[INFORMATION]

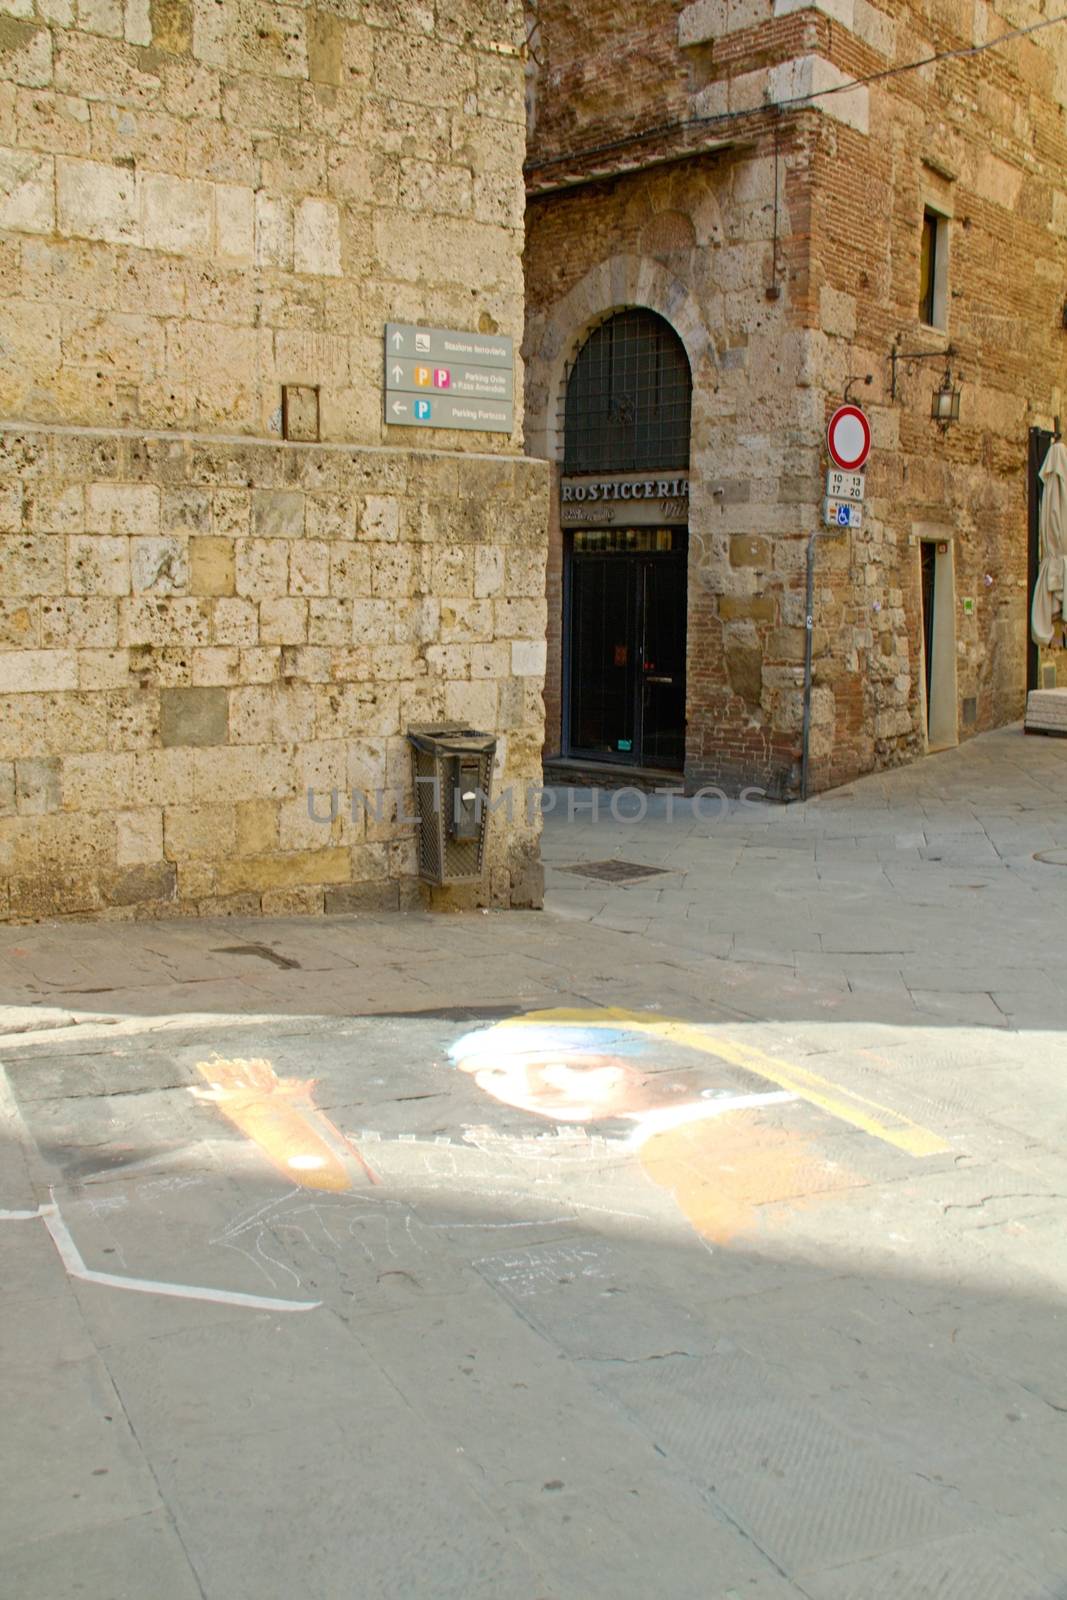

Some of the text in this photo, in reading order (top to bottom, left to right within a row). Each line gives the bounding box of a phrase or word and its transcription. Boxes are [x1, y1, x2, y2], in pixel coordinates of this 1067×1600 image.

[419, 369, 428, 385] P
[438, 369, 447, 387] P
[465, 372, 489, 384] Parking
[418, 402, 427, 418] P
[452, 408, 477, 420] Parking
[834, 474, 843, 483] 10
[853, 477, 861, 487] 13
[832, 485, 841, 494] 17
[850, 487, 861, 497] 20
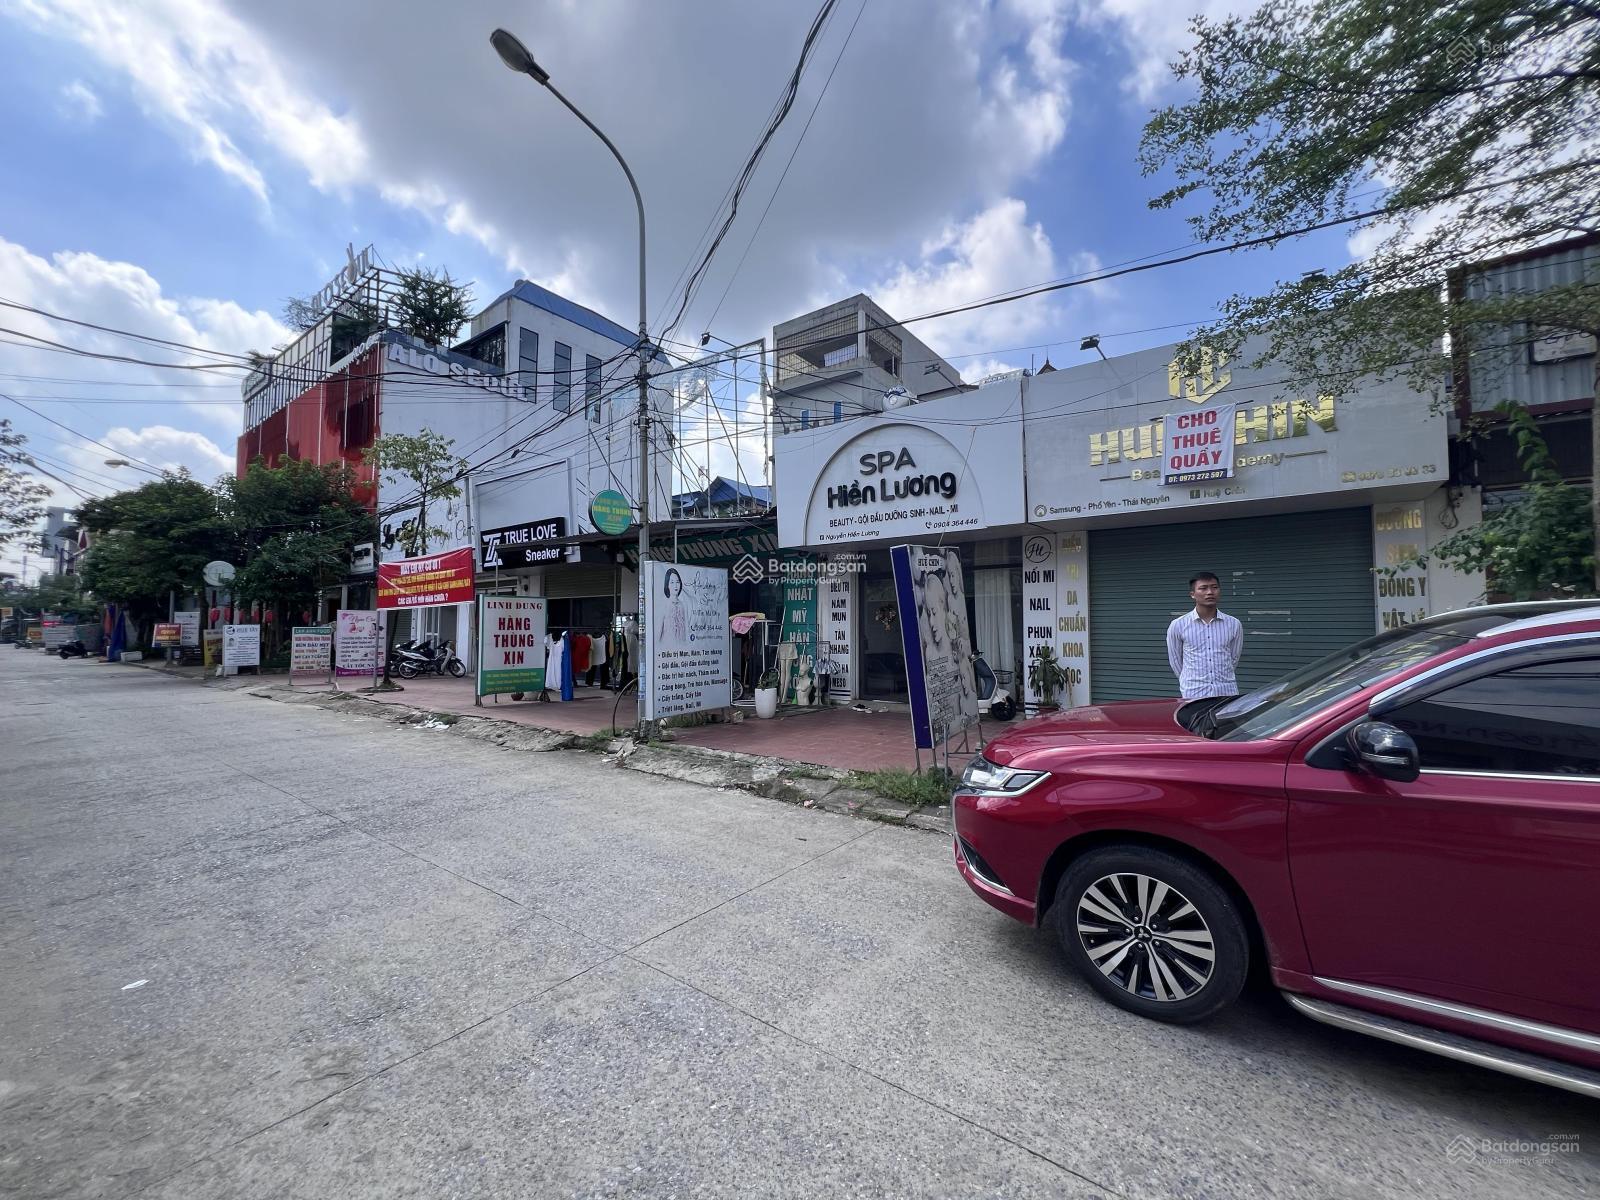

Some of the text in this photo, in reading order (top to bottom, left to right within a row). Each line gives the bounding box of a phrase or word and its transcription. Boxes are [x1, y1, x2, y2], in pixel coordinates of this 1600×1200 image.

[1177, 410, 1217, 429] CHO
[1235, 395, 1338, 446] HIN
[1172, 427, 1221, 450] THUÊ
[859, 447, 916, 475] SPA
[1130, 468, 1161, 481] Bea
[1179, 474, 1196, 483] 0973
[1197, 472, 1210, 481] 272
[827, 472, 957, 510] Hiền Lương
[1049, 505, 1082, 515] Samsung
[1088, 501, 1102, 511] Phố
[1140, 494, 1170, 506] Nguyên
[829, 516, 854, 528] BEAUTY
[857, 515, 870, 526] GỘI
[884, 509, 908, 521] DƯỠNG
[909, 508, 925, 518] SINH
[929, 506, 945, 517] NAIL
[503, 529, 529, 545] TRUE
[530, 524, 557, 541] LOVE
[525, 548, 560, 562] Sneaker
[625, 545, 675, 563] HNG
[677, 537, 744, 560] THÙNG
[1024, 566, 1055, 584] NỐI MI
[487, 601, 542, 610] LINH DUNG
[1029, 597, 1051, 611] NAIL
[1066, 590, 1078, 605] DA
[498, 614, 531, 631] HÀNG
[792, 607, 808, 623] MỸ
[831, 611, 847, 624] MỤN
[493, 631, 534, 648] THÙNG
[1027, 626, 1052, 639] PHUN
[1062, 642, 1084, 658] KHOA
[503, 651, 524, 667] XỊN

[TASK DIRECTIONS] Leaving out the pictures, repeat all of the entries exactly.

[SOLUTION TO THE EXERCISE]
Some of the text in this photo, in reading order (top to bottom, left to right within a row). Each line gives the bounding box of a phrase or word and its transcription. Boxes are [x1, y1, x2, y2], in pixel coordinates of this 1067×1600 image.

[419, 369, 428, 385] P
[438, 369, 447, 387] P
[465, 372, 489, 384] Parking
[418, 402, 427, 418] P
[452, 408, 477, 420] Parking
[834, 474, 843, 483] 10
[853, 477, 861, 487] 13
[832, 485, 841, 494] 17
[850, 487, 861, 497] 20

Some of the text in this photo, in reading order (top to bottom, left to right within a row). Each line gives the bounding box of a phrase or word and its transcription. Boxes are [x1, y1, x2, y2], in pixel coordinates of this 1600×1200 image.

[1177, 410, 1217, 429] CHO
[1235, 395, 1338, 446] HIN
[1172, 427, 1221, 450] THUÊ
[859, 447, 916, 475] SPA
[1130, 468, 1161, 481] Bea
[1179, 474, 1196, 483] 0973
[1197, 472, 1210, 481] 272
[827, 472, 957, 510] Hiền Lương
[1049, 505, 1082, 515] Samsung
[1088, 501, 1102, 511] Phố
[1140, 494, 1170, 506] Nguyên
[829, 516, 854, 528] BEAUTY
[857, 515, 870, 526] GỘI
[884, 509, 908, 521] DƯỠNG
[909, 508, 925, 518] SINH
[929, 506, 945, 517] NAIL
[503, 529, 529, 545] TRUE
[530, 524, 557, 541] LOVE
[525, 548, 560, 562] Sneaker
[625, 545, 675, 563] HNG
[677, 537, 744, 560] THÙNG
[1024, 566, 1055, 584] NỐI MI
[487, 601, 542, 610] LINH DUNG
[1029, 597, 1051, 611] NAIL
[1066, 590, 1078, 605] DA
[498, 614, 531, 631] HÀNG
[792, 607, 808, 623] MỸ
[831, 611, 847, 624] MỤN
[493, 631, 534, 648] THÙNG
[1027, 626, 1052, 639] PHUN
[1062, 642, 1084, 658] KHOA
[503, 651, 524, 667] XỊN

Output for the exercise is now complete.